Britain Plans Major Military Cuts Amid Tight Budget

October 20th, 2010 - by admin

Henry Chu / Los Angeles Times & BBC News – 2010-10-20 11:57:42

http://sfgate.com/cgi-bin/article.cgi?f=/c/a/2010/10/20/MNBE1FUUQC.DTL

Britain Plans Major Military Cuts Amid Tight Budget
Henry Chu / Los Angeles Times

LONDON (October 20, 2010) — Britain will reduce its fighting force by thousands of troops, scrap aging jet fighters, put off an upgrade of its nuclear deterrent, and cut civilian defense jobs in a sweeping overhaul designed to make its military leaner and save taxpayer money, the government announced Tuesday.

Over the next four years, military spending is to shrink by 8 percent in real terms, a reduction Prime Minister David Cameron said would be difficult but necessary to help Britain close a deep public budget gap.

Cameron told lawmakers that the army, navy and air force would, together, shed 17,000 troops and that the defense department would get rid of 25,000 civilian jobs. The Ark Royal, the navy’s flagship aircraft carrier, is to be decommissioned earlier than expected, 40 percent of the army’s tanks will be taken out of action, and Britain’s fleet of highly praised but aging Harrier fighter jets is to be junked.

Cameron insisted, however, that operations in Afghanistan would not be affected — he assured President Obama on that issue in a phone call Monday — and that what he termed nimbler, smarter armed forces would enable Britain to continue to project force where needed.

“Britain has traditionally punched above its weight in the world, and we should have no less ambition for our country in the decades to come,” Cameron told the House of Commons. “But we need to be more thoughtful, more strategic and more coordinated in the way we advance our interests and protect our national security.”

The cuts are part of Britain’s first strategic review of its armed forces since 1998.
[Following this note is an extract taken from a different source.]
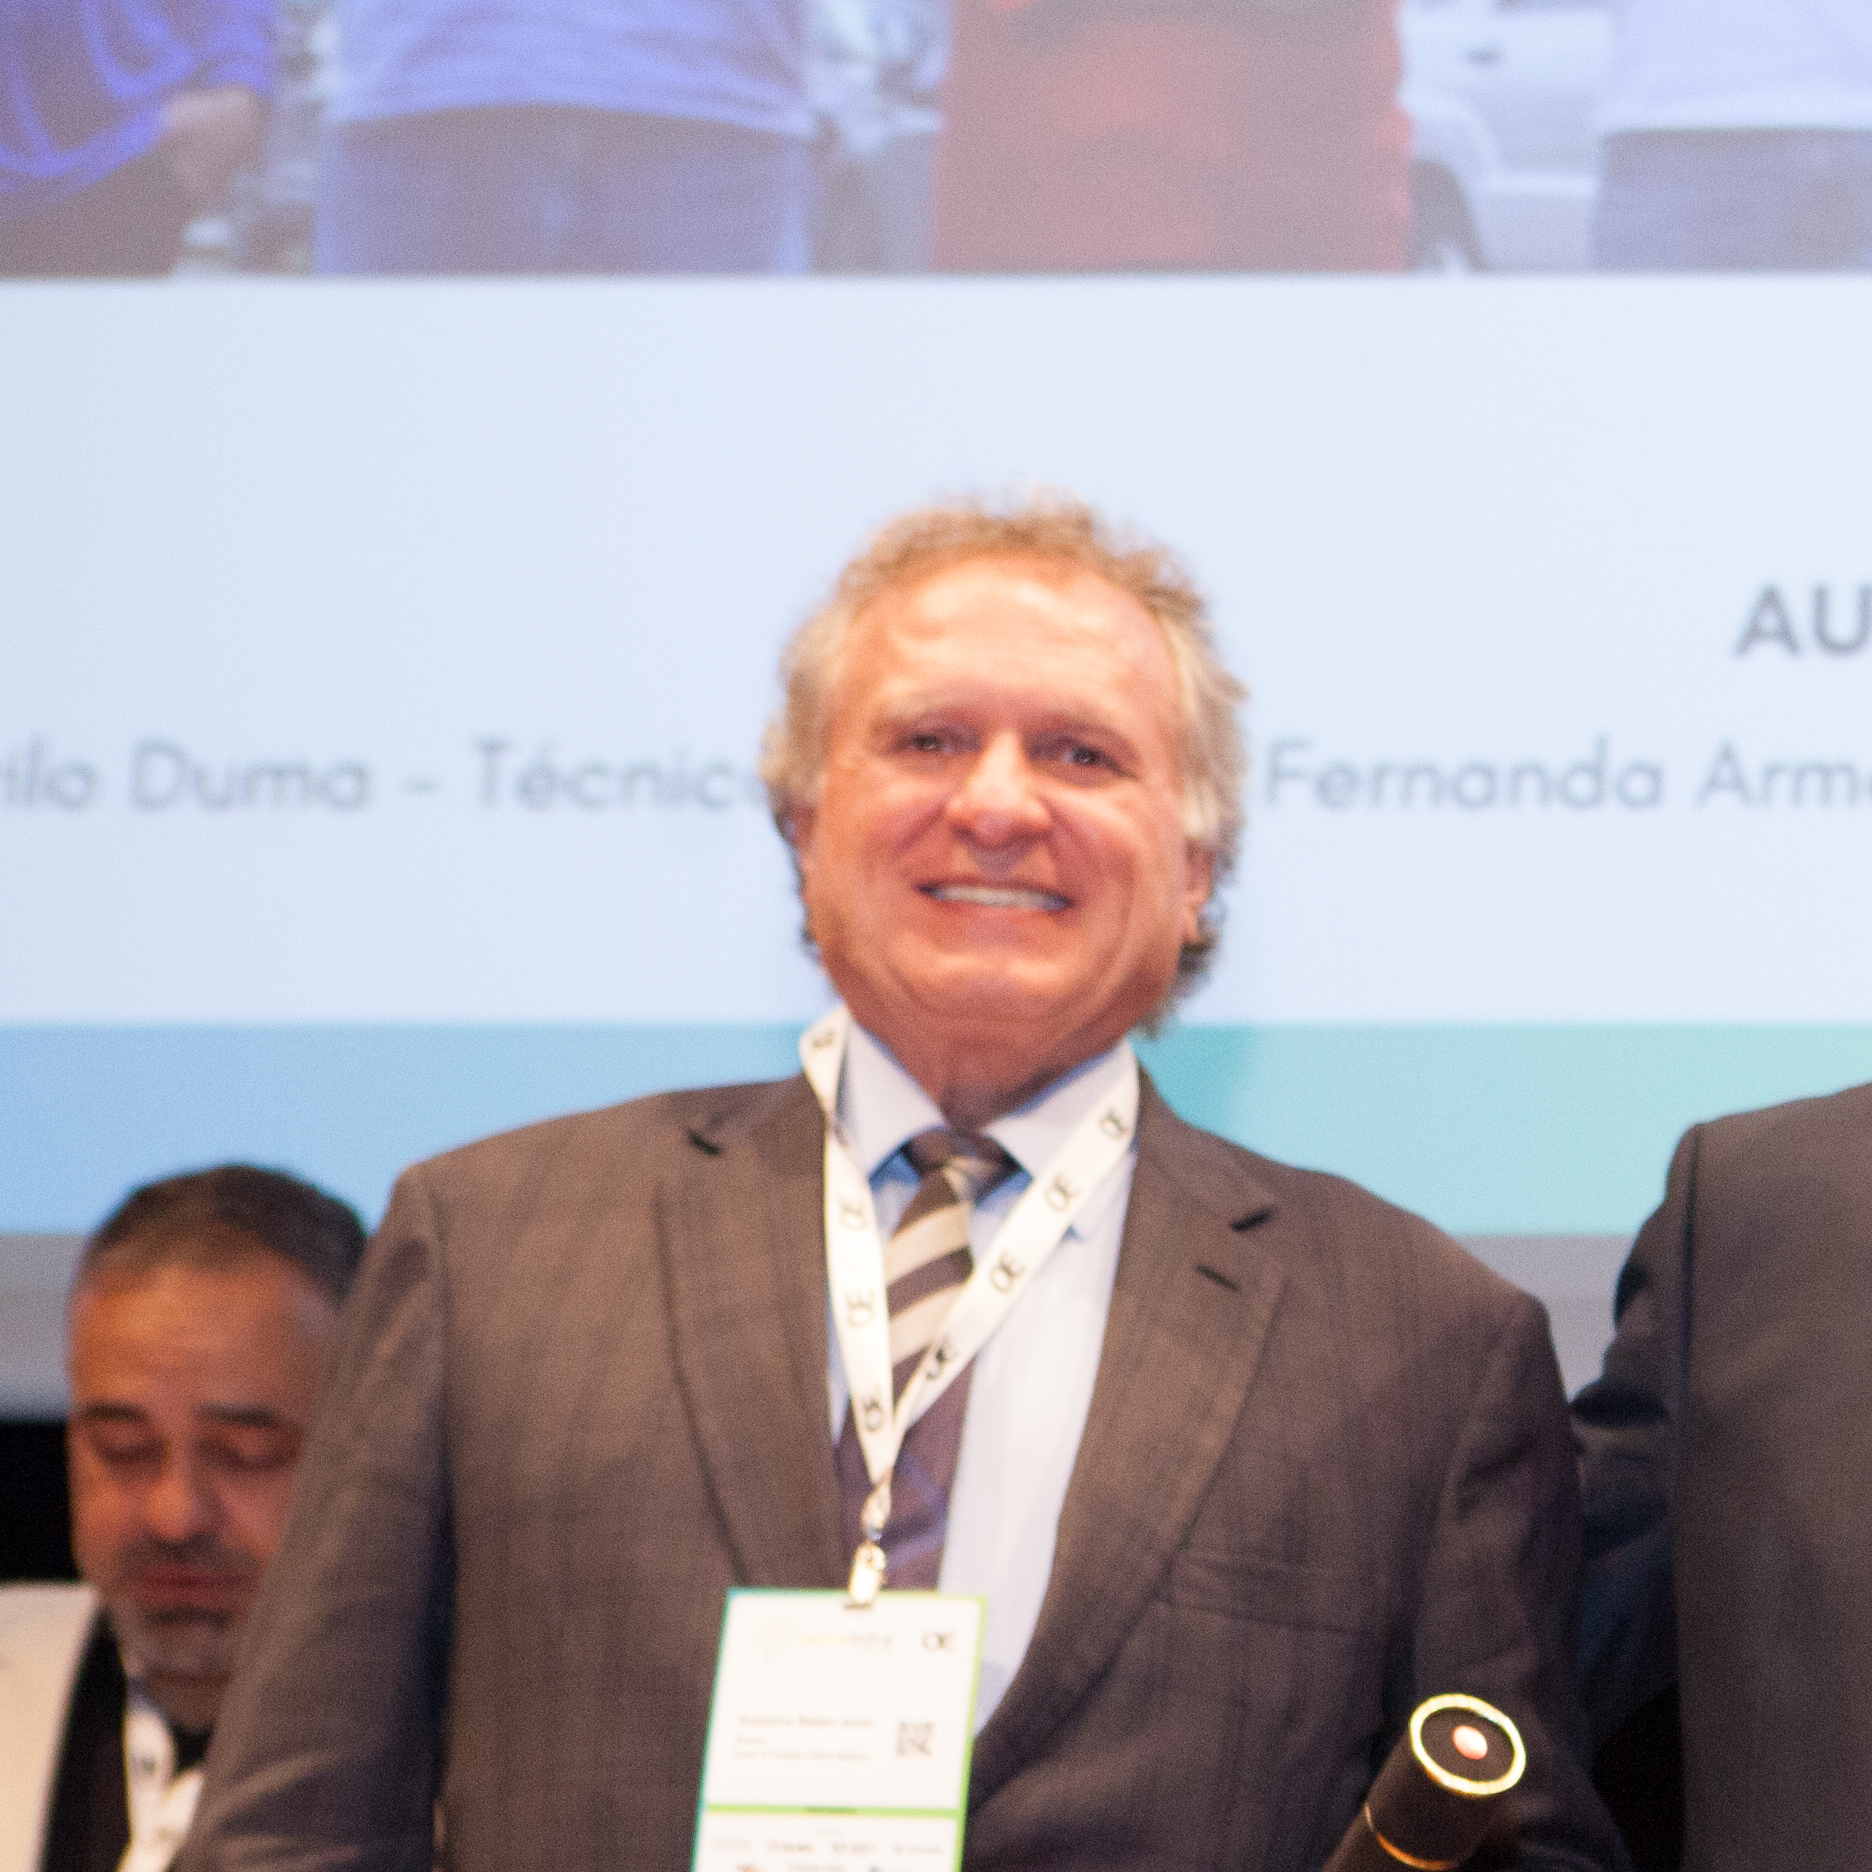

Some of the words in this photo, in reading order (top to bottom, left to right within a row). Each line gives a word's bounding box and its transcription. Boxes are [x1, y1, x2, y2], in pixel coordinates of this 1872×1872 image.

Spending Review: Osborne Wields Axe
BBC News

LONDON (October 20, 2010) — Chancellor George Osborne has unveiled the biggest UK spending cuts since World War II, with welfare, councils and police budgets all hit.

The pension age will rise sooner than expected, some incapacity benefits will be time limited and other money clawed back through changes to tax credits and housing benefit.

A new bank levy will also be brought in — with full details due on Thursday. Mr Osborne said the four year cuts were guided by fairness, reform and growth.

But shadow chancellor Alan Johnson, for Labour, called the review a “reckless gamble with people’s livelihoods” which risked “stifling the fragile recovery” — a message echoed by the SNP, despite smaller than expected cuts in Scotland.

Mr Osborne ended his hour-long Commons statement by claiming the 19% average cuts to departmental budgets were less severe than expected. This is thanks to an extra £7bn in savings from the welfare budget and a £3.5bn increase in public sector employee pension contributions.

‘Frontline Cuts’
The chancellor claimed it meant his savings were less than the 20% cuts Labour had planned ahead of the general election.

BBC Economics Editor Stephanie Flanders said that, at first glance, “the cuts to the welfare benefit are regressive, in the most basic sense of costing families in the lower half of the income distribution more.”

Local councils are also in the firing line, with the amount of money they receive from government cut by 7.1% from April.
The Local Government Association said the move would “hit councils and the residents they serve very hard and will inevitably lead to cuts at the frontline.”

Outlining the £81bn cuts package, Mr Osborne vowed to restore “sanity to our public finances and stability to our economy.”

He told MPs: “Today is the day when Britain steps back from the brink, when we confront the bills from a decade of debt. “It is a hard road, but it leads to a better future.”

The main new welfare savings come from abolishing Employment and Support Allowance, which replaces incapacity benefit, for some categories of claimant after one year, raising £2 billion.

Universal benefits for pensioners will be retained as budgeted for by the previous government and the temporary increase in the cold weather payment will be made permanent.
But a planned rise in the state pension age for men and women to 66 will start in 2020, six years earlier than planned.

In other measures, rail fares will be allowed to increase by 3% above RPI inflation from 2012, higher education spending will be cut by 40%, flood defences by 15% and sport England and UK Sport cut by 30%.

Heated Negotiations
Up to 500,000 public sector jobs could go by 2014-15 as a result of the cuts programme, according to the Office for Budgetary Responsibility.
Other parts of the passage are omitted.